## REQUIREMENT
So that the copy matches the original, write out every entry exactly.

Spatial localization data:
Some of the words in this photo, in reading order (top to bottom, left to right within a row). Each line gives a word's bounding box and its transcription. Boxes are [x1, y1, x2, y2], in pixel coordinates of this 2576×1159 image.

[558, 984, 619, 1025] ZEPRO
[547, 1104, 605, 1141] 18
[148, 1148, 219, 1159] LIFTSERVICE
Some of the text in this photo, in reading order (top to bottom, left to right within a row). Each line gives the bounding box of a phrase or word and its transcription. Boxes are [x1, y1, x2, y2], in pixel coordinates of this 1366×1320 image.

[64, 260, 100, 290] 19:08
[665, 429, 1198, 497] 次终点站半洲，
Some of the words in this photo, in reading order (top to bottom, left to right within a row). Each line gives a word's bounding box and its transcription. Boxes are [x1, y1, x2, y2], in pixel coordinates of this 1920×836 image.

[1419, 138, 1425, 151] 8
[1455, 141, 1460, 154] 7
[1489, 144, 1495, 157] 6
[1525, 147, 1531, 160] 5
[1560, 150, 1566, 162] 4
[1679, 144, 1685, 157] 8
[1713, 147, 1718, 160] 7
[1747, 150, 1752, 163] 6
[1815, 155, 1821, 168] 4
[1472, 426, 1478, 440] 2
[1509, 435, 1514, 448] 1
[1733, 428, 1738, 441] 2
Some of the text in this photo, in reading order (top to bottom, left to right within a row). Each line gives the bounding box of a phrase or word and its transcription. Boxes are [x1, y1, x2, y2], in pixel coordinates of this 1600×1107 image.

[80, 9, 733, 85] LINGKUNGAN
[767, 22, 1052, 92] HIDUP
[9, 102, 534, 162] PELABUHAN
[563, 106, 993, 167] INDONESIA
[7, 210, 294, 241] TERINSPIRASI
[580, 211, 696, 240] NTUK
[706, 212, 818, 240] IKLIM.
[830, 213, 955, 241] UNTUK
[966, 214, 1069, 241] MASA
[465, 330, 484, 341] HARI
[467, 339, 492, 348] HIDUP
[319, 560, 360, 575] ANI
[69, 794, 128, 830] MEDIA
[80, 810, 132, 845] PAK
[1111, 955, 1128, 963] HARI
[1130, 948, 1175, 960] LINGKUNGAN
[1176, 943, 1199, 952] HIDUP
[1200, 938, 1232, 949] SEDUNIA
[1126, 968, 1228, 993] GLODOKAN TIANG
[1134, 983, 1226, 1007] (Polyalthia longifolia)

## RESULT
Some of the words in this photo, in reading order (top to bottom, left to right within a row). Each line gives a word's bounding box and its transcription. Boxes are [x1, y1, x2, y2], in pixel coordinates of this 2576×1159 image.

[558, 984, 619, 1025] ZEPRO
[547, 1104, 605, 1141] 18
[148, 1148, 219, 1159] LIFTSERVICE
Some of the text in this photo, in reading order (top to bottom, left to right within a row). Each line gives the bounding box of a phrase or word and its transcription. Boxes are [x1, y1, x2, y2], in pixel coordinates of this 1366×1320 image.

[64, 260, 100, 290] 19:08
[665, 429, 1198, 497] 次终点站半洲，
Some of the words in this photo, in reading order (top to bottom, left to right within a row). Each line gives a word's bounding box and its transcription. Boxes are [x1, y1, x2, y2], in pixel coordinates of this 1920×836 image.

[1419, 138, 1425, 151] 8
[1455, 141, 1460, 154] 7
[1489, 144, 1495, 157] 6
[1525, 147, 1531, 160] 5
[1560, 150, 1566, 162] 4
[1679, 144, 1685, 157] 8
[1713, 147, 1718, 160] 7
[1747, 150, 1752, 163] 6
[1815, 155, 1821, 168] 4
[1472, 426, 1478, 440] 2
[1509, 435, 1514, 448] 1
[1733, 428, 1738, 441] 2
Some of the text in this photo, in reading order (top to bottom, left to right within a row). Each line gives the bounding box of a phrase or word and its transcription. Boxes are [x1, y1, x2, y2], in pixel coordinates of this 1600×1107 image.

[80, 9, 733, 85] LINGKUNGAN
[767, 22, 1052, 92] HIDUP
[9, 102, 534, 162] PELABUHAN
[563, 106, 993, 167] INDONESIA
[7, 210, 294, 241] TERINSPIRASI
[580, 211, 696, 240] NTUK
[706, 212, 818, 240] IKLIM.
[830, 213, 955, 241] UNTUK
[966, 214, 1069, 241] MASA
[465, 330, 484, 341] HARI
[467, 339, 492, 348] HIDUP
[319, 560, 360, 575] ANI
[69, 794, 128, 830] MEDIA
[80, 810, 132, 845] PAK
[1111, 955, 1128, 963] HARI
[1130, 948, 1175, 960] LINGKUNGAN
[1176, 943, 1199, 952] HIDUP
[1200, 938, 1232, 949] SEDUNIA
[1126, 968, 1228, 993] GLODOKAN TIANG
[1134, 983, 1226, 1007] (Polyalthia longifolia)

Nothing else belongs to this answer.